» **THE TASK**
Everything in the listing below has to be repeated exactly, except the pictures.
Start of RECORDED DATA
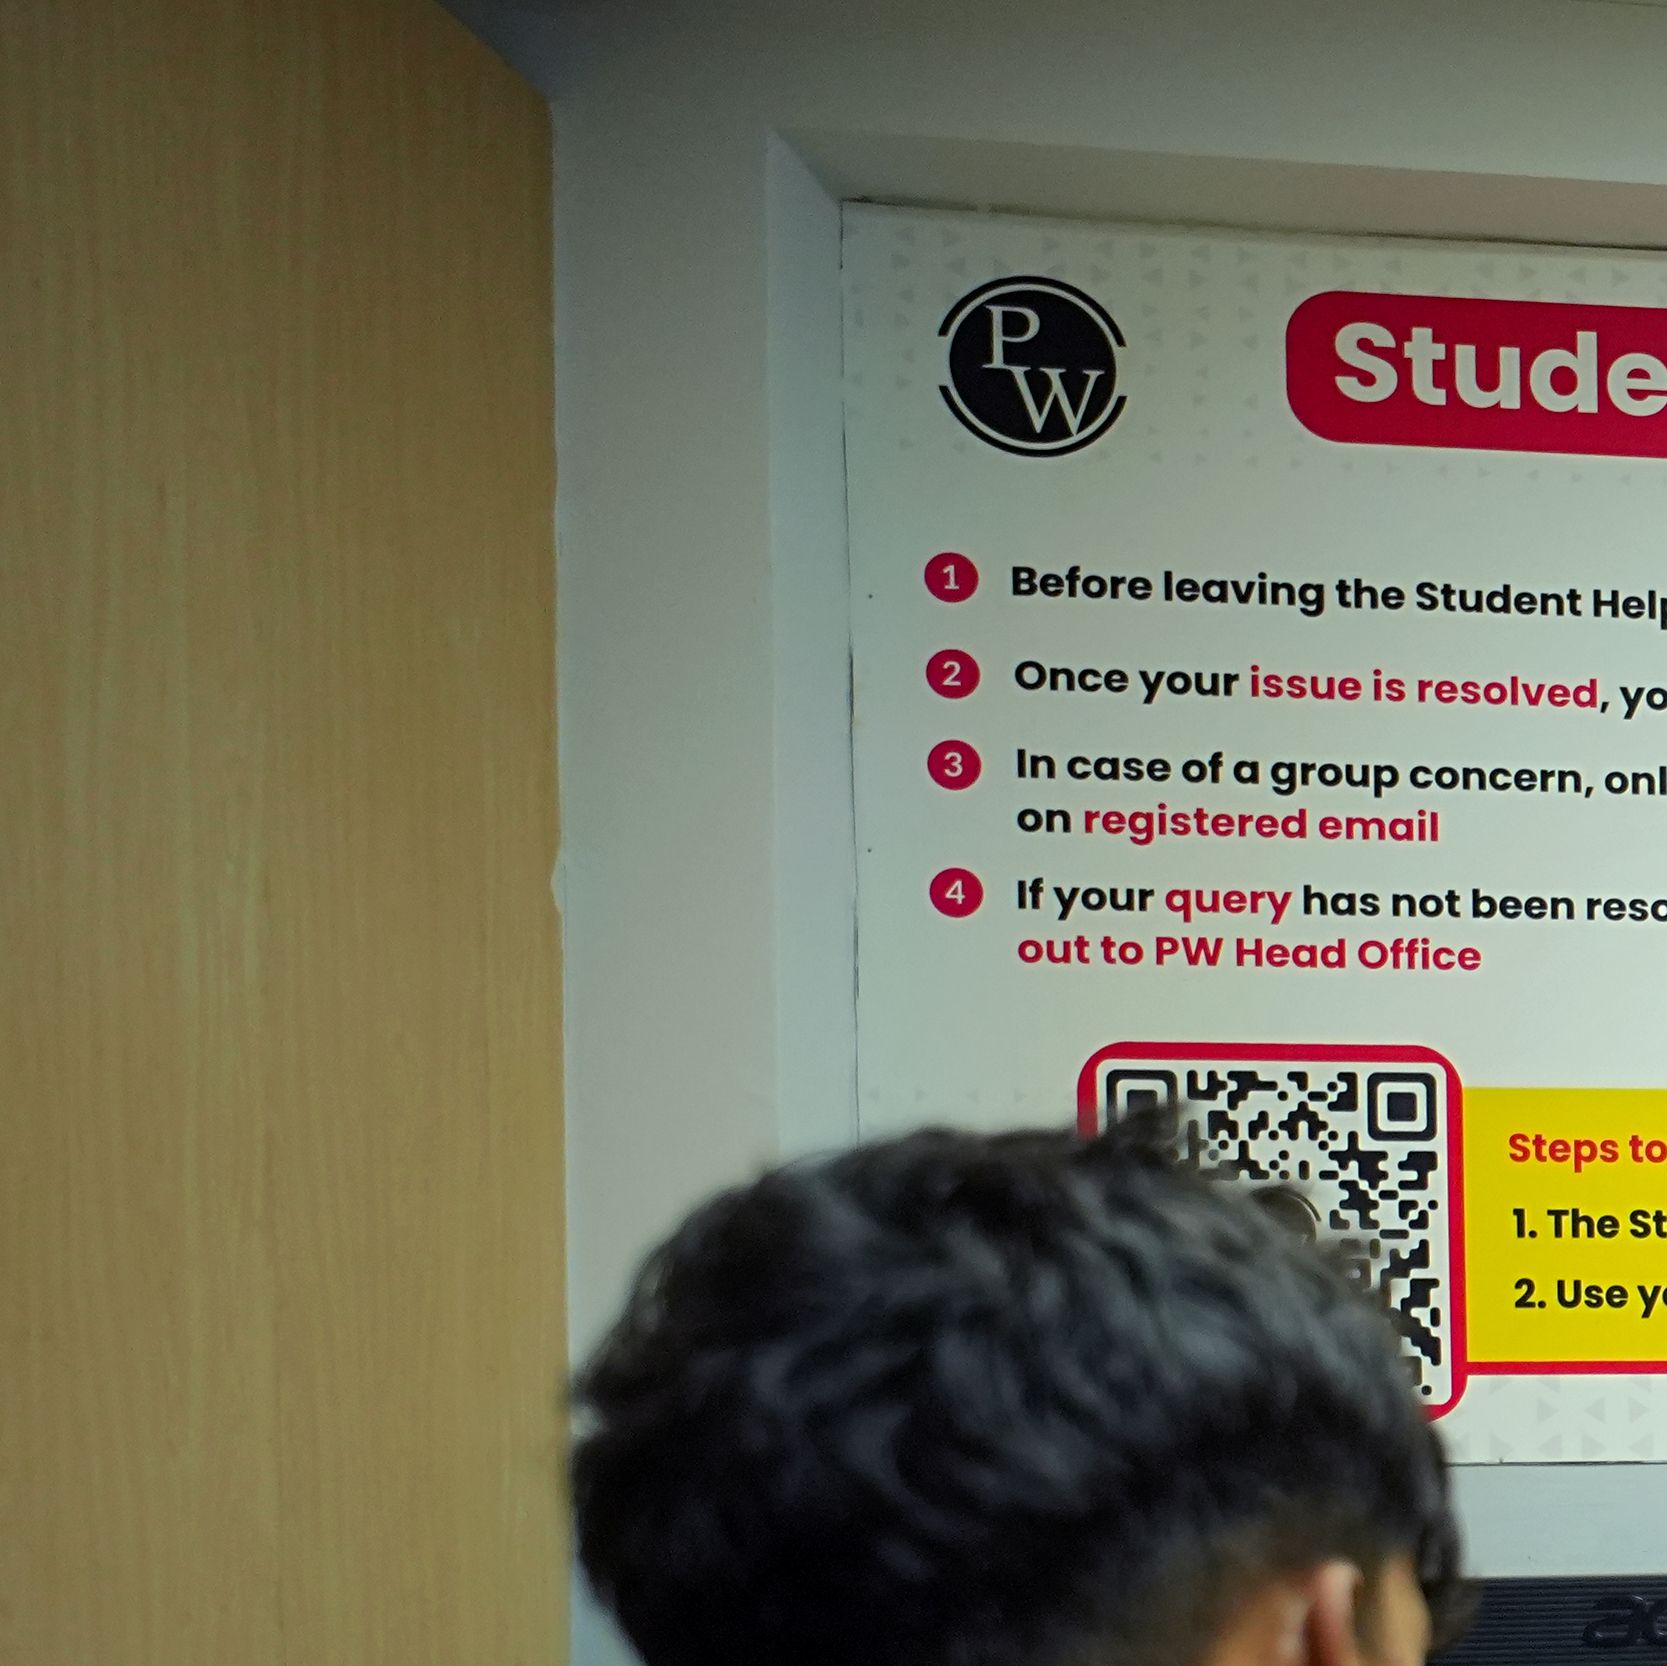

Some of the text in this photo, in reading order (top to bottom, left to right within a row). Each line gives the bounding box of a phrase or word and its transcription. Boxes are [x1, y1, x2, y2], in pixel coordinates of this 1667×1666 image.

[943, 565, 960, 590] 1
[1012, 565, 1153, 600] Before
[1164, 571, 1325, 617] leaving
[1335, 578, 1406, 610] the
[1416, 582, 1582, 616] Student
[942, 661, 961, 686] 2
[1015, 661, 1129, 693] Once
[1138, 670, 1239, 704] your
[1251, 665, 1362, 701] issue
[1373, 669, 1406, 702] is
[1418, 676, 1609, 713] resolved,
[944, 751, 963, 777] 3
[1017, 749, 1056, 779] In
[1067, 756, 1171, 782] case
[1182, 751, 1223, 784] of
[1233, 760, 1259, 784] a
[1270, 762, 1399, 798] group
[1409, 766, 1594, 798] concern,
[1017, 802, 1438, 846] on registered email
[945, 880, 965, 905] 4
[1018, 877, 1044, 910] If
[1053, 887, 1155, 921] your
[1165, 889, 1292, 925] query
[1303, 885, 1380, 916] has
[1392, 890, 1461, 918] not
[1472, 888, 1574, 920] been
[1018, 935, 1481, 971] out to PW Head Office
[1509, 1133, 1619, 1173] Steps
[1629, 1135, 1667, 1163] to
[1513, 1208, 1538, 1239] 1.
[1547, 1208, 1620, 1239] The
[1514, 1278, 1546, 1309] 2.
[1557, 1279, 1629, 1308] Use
End of RECORDED DATA
» **WRITTEN ANSWER**
Some of the text in this photo, in reading order (top to bottom, left to right within a row). Each line gives the bounding box of a phrase or word and its transcription. Boxes are [x1, y1, x2, y2], in pixel coordinates of this 1667×1666 image.

[943, 565, 960, 590] 1
[1012, 565, 1153, 600] Before
[1164, 571, 1325, 617] leaving
[1335, 578, 1406, 610] the
[1416, 582, 1582, 616] Student
[942, 661, 961, 686] 2
[1015, 661, 1129, 693] Once
[1138, 670, 1239, 704] your
[1251, 665, 1362, 701] issue
[1373, 669, 1406, 702] is
[1418, 676, 1609, 713] resolved,
[944, 751, 963, 777] 3
[1017, 749, 1056, 779] In
[1067, 756, 1171, 782] case
[1182, 751, 1223, 784] of
[1233, 760, 1259, 784] a
[1270, 762, 1399, 798] group
[1409, 766, 1594, 798] concern,
[1017, 802, 1438, 846] on registered email
[945, 880, 965, 905] 4
[1018, 877, 1044, 910] If
[1053, 887, 1155, 921] your
[1165, 889, 1292, 925] query
[1303, 885, 1380, 916] has
[1392, 890, 1461, 918] not
[1472, 888, 1574, 920] been
[1018, 935, 1481, 971] out to PW Head Office
[1509, 1133, 1619, 1173] Steps
[1629, 1135, 1667, 1163] to
[1513, 1208, 1538, 1239] 1.
[1547, 1208, 1620, 1239] The
[1514, 1278, 1546, 1309] 2.
[1557, 1279, 1629, 1308] Use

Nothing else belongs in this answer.